Text-to-region grounding data:
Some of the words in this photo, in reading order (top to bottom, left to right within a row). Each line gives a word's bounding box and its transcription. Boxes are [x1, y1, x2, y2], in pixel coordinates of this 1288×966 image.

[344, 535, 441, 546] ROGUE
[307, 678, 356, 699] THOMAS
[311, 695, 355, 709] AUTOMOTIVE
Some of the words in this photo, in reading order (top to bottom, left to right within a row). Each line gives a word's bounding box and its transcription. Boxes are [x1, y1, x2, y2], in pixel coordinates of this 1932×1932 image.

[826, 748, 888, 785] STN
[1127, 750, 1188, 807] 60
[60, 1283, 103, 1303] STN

BRIEF ::
Your task is to copy every entry above, exactly as written.

RESPONSE BOX ::
Some of the words in this photo, in reading order (top to bottom, left to right within a row). Each line gives a word's bounding box and its transcription. Boxes are [x1, y1, x2, y2], in pixel coordinates of this 1288×966 image.

[344, 535, 441, 546] ROGUE
[307, 678, 356, 699] THOMAS
[311, 695, 355, 709] AUTOMOTIVE
Some of the words in this photo, in reading order (top to bottom, left to right within a row). Each line gives a word's bounding box and its transcription. Boxes are [x1, y1, x2, y2], in pixel coordinates of this 1932×1932 image.

[826, 748, 888, 785] STN
[1127, 750, 1188, 807] 60
[60, 1283, 103, 1303] STN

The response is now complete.